研究子图的度和图的哈密尔顿性的关系,证明图~$G$ 是一个~$n$ 阶~3-\,连通无爪图且最小度~$\delta(G)\geq4$, 如果图~$G$ 中任意两个分别同构于~$P_4$, $K_1$ 的不相邻子图~$H_1$, $H_2$ 满足~$d(H_1)+d(H_2)\geq n$, 则图~$G$ 是哈密尔顿连通.

关键词: 无爪图; 不相邻子图; 子图的度; 哈密尔顿连通

本文引用格式

郑伟, 王力工 . 无爪图中不相邻子图P_4和K_1的度和条件下的哈密尔顿性[J]. 运筹学学报, 2016 , 20(1) : 112 -117 . DOI: 10.15960/j.cnki.issn.1007-6093.2016.01.011

Abstract

This paper studies the relationship between the degree of subgraphs and Hamiltonicity of graphs.

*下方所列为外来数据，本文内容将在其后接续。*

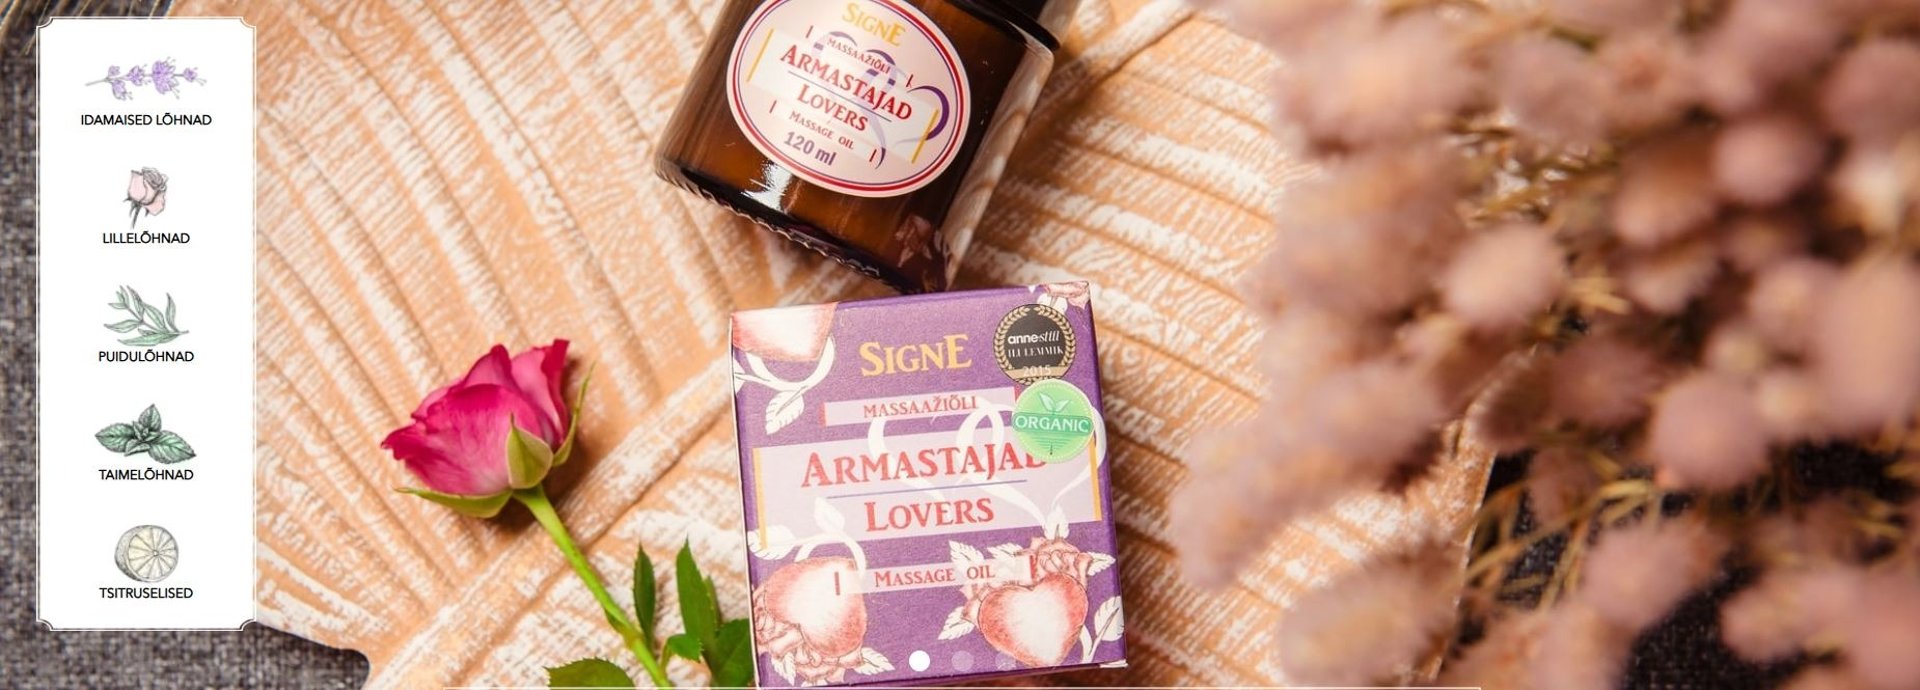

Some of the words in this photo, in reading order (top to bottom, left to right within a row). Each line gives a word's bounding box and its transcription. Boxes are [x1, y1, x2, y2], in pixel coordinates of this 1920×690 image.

[841, 2, 905, 47] SIGNE
[780, 44, 912, 120] ARMASTAJAD
[797, 83, 868, 131] LOVERS
[788, 110, 835, 139] MASSAGE
[837, 135, 855, 150] OIL
[784, 131, 815, 155] 120
[815, 146, 837, 166] ml
[859, 334, 972, 377] SIGNE
[1022, 365, 1052, 377] 2015
[863, 395, 979, 419] MASSAAŽIÕLI
[1015, 415, 1090, 433] ORGANIC
[864, 498, 994, 532] LOVERS
[875, 568, 955, 588] MASSAGE
[966, 564, 996, 580] OIL
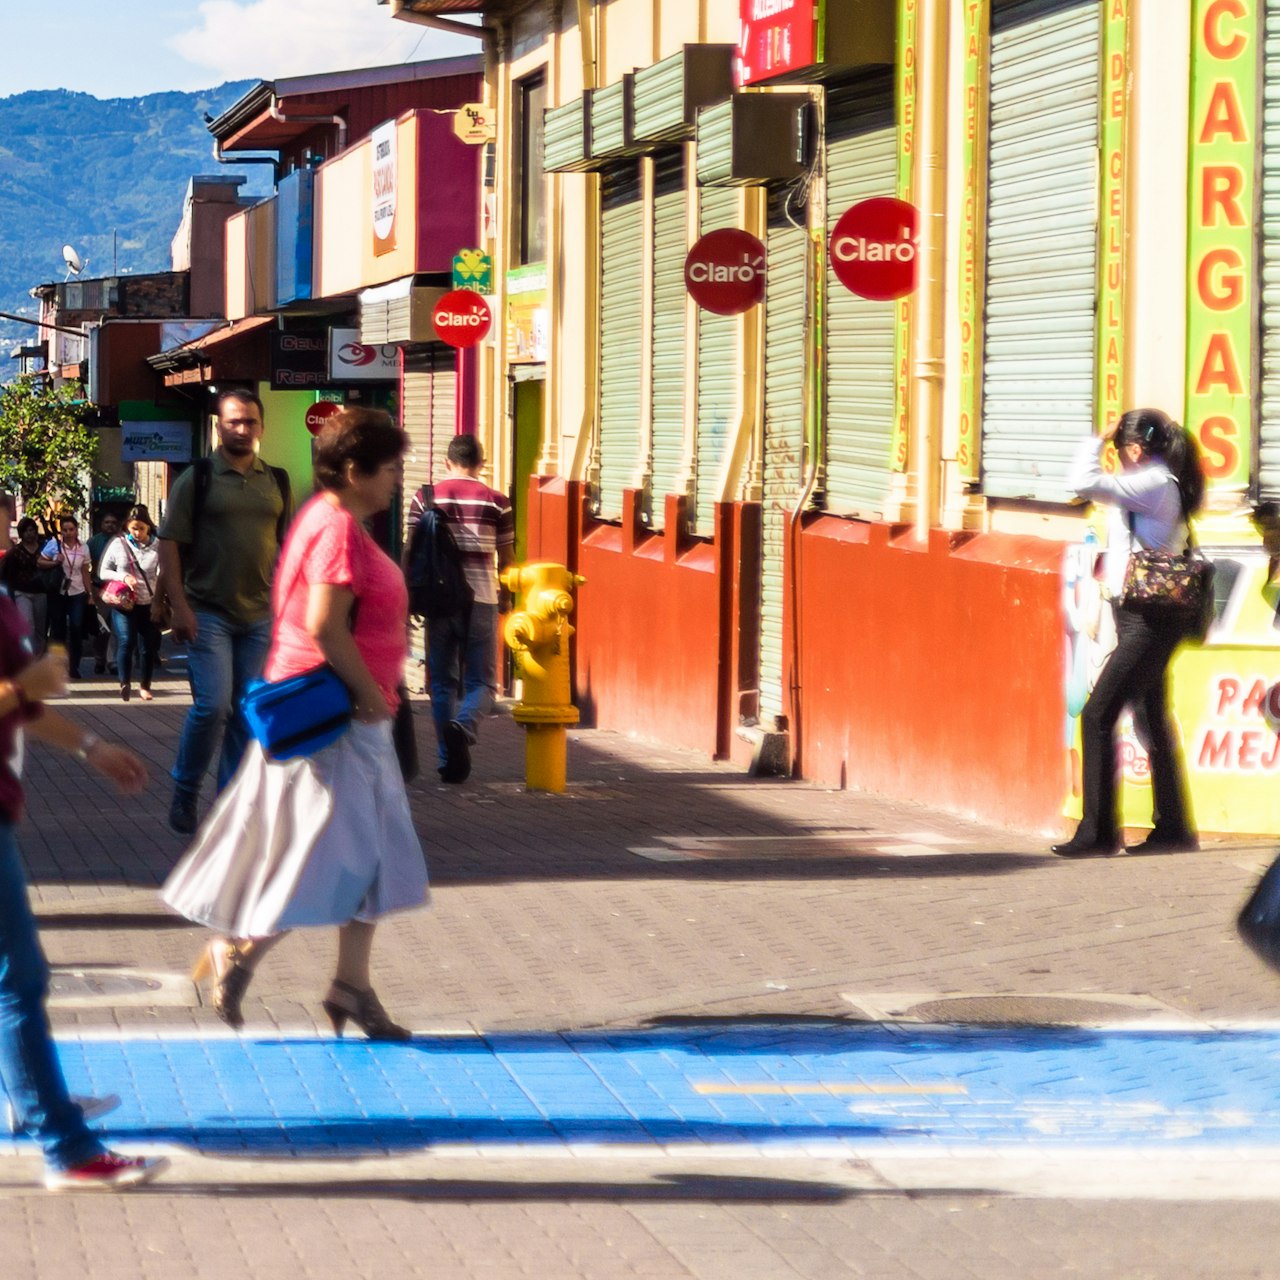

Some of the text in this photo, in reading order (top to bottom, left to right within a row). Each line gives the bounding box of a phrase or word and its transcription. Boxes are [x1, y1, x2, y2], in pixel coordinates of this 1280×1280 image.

It is proven that every 3-connected claw-free graph $G$ of order $n$ with minimum degree $\delta(G)\geq4$ is Hamilton-connected if it satisfies $d(H_1)+d(H_2)\geq n$ for any two non-adjacent subgraphs $H_1$, $H_2$ which are isomorphic to $P_4$, $K_1$ respectively.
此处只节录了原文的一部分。